Quand j'ai découvert La Roux en 2009, première année de refondation de ma culture musicale par le biais d'Internet, le projet avait tout pour me faire plaisir : la coupe de cheveux, la grande mèche rousse et surtout le son ! Une modernisation de la Synthpop que j'affectionne par une production délicatement plus dure, saturée, au tempo légèrement plus relevé et aux claviers toujours aussi kitsch et ronds. J'étais conquis. « In for the Kill », « Quicksand » et surtout « Bulletproof » étaient des tubes imparables. Dans le clip de ce dernier, je sentais une timidité dans le personnage d’Elly Jackson qu'elle peinait à cacher derrière des attitudes punk.
C'est le seul truc que j'ai retrouvé au visionnage de son nouveau clip « International Woman of Leisure » ; Elly ne sera jamais actrice, mal à l'aise devant la caméra, à deux doigts de pouffer, semblant ne pas prendre son rôle au sérieux… peut-être un signe de la qualité de Supervision. Ce single m'a tout de même procuré quelques frissons sur les premières notes qu'elle se met à chanter ; cette voix au timbre unique avec lequel elle nous avait séduit et qui nous avait manqué ces six dernières années est toujours aussi marqué et présent, elle va d'ailleurs en abuser tout au long de l'album. Puis le single continue, le refrain n'est pas fou bien qu'il reste facilement en tête et la fin n'est pas mieux. Bon, c'est clair que le tube est moins évident qu'un « Let Me Down Gently » ou un « Uptight Downtown » que l'on retrouve sur son deuxième album Trouble in Paradise ; s'il est possible de lui trouver un certain charme, je me retrouve un peu déçu. Puis le reste est arrivé au compte-goutte et on entend clairement quelque chose qui cloche…

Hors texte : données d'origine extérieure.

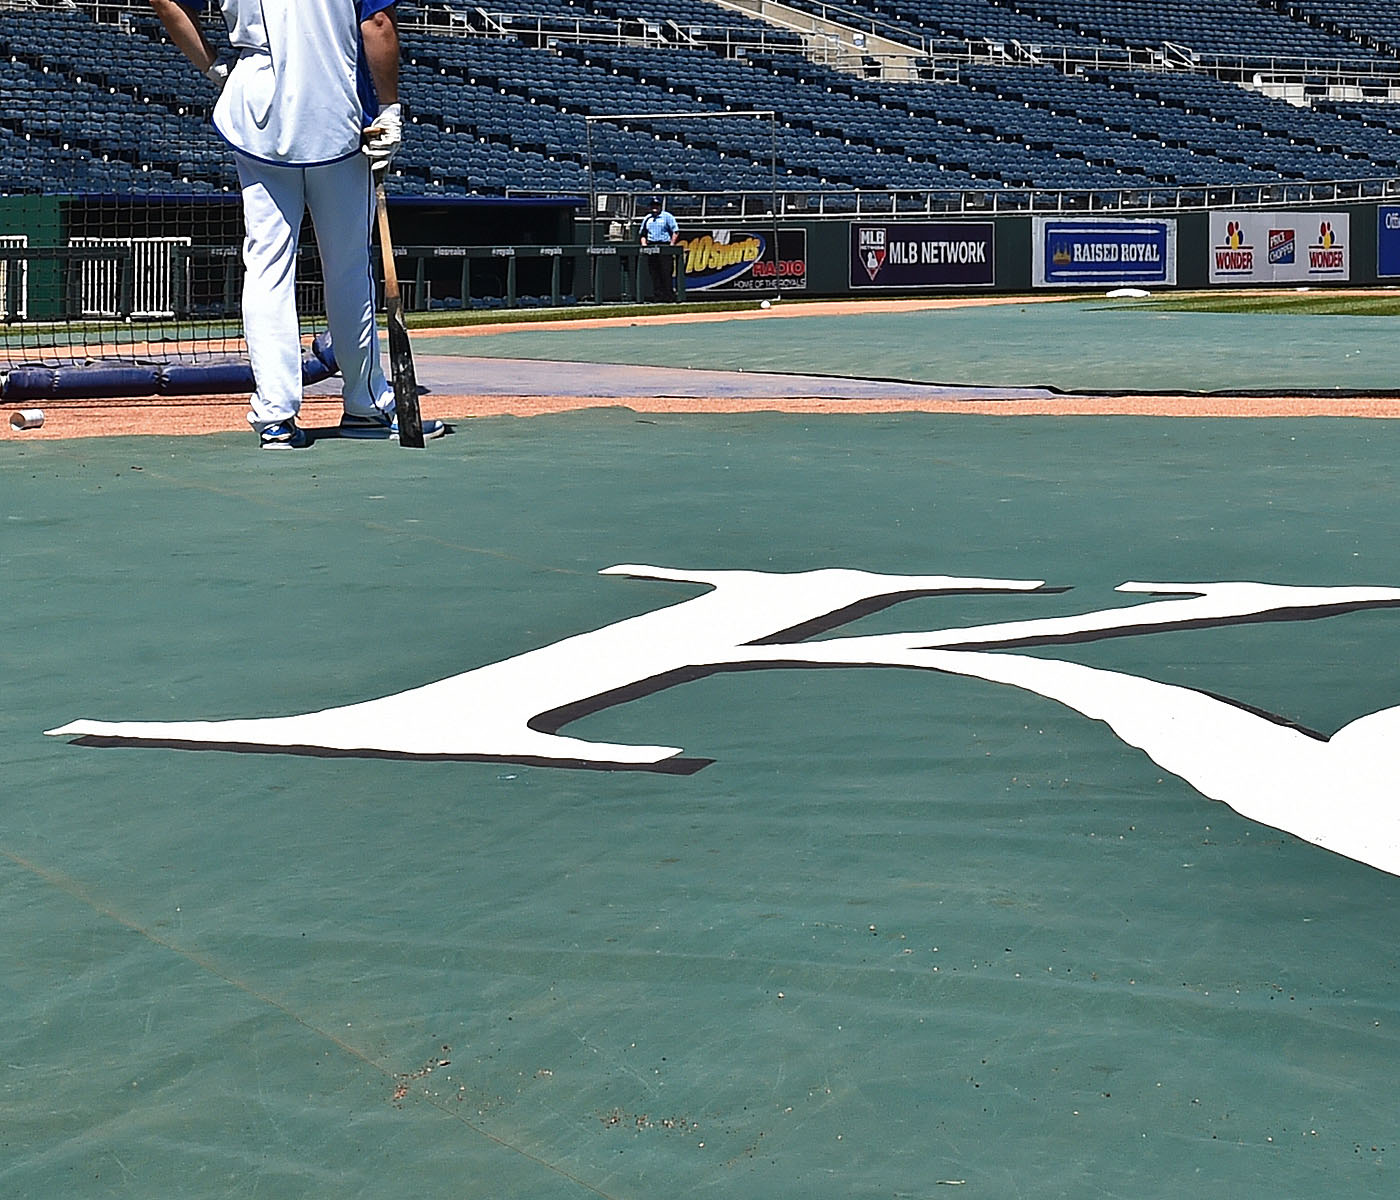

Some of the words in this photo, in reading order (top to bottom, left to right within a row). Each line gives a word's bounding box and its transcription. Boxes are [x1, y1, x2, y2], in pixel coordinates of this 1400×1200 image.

Revenons sur la sortie de ce Trouble in Paradise sorti en 2014. Son écriture a été plus compliquée, notamment à cause de dissensions entre Elly et son ancien partenaire Ben Langmaid, co-fondateur du projet La Roux. Ce dernier le quitte en 2012 après avoir travaillé sur quelques démos, n'appréciant point la direction que donnait au projet le producteur Ian Sherwin… et on peut lui donner raison. Là où le premier sonnait moderne, le second album régressait dans le temps et aurait pu sortir dans les années 80. Quelques très bons titres auraient peut-être grimpé en milieu de charts mais sans jamais dépassé le skill d'une sortie de Madonna. Vous me direz, c'est déjà pas mal car Supervision, lui, aurait été considéré comme l'équivalent d'un « Hysteria » d’Human League (pour citer un album dont on a déjà parlé ICI).
A la première écoute, je me suis dit qu'ils avaient voulu une production simple, rudimentaire et minimaliste. Après réécoute, on se rend compte que c'est juste mal produit : les instrus, répétitifs, qui tournent souvent à vides sont d'un cheapos ! Encore plus que l'expression « cheapos » ou que les derniers Metronomy ! Oui, c'est du La Roux, mais en cheap. Ils ne font absolument rien ressortir dans leur mixage ; tout, même la voix d’Elly semble parfois juste avoir été rajouté par au-dessus, comme ça, sans essayer de la faire fondre avec le reste. Les riffs façon Nile Rodgers qui accompagnent la majorité des titres semblent avoir été faits à la souris sur un logiciel de MAO. Certains synthés, quand ils ne sonnent pas comme un bruit de fond, sonneraient dépassés même dans les années 80. Et on attend souvent, non pas que le morceau explose, mais qu'il s'y passe au moins quelque chose, comme si l'album n'avait pas été terminé, à deux doigts du stade de la démo. Pourtant, le co-producteur Dan Carey a un certain passif, qui serait impossible de résumer ici.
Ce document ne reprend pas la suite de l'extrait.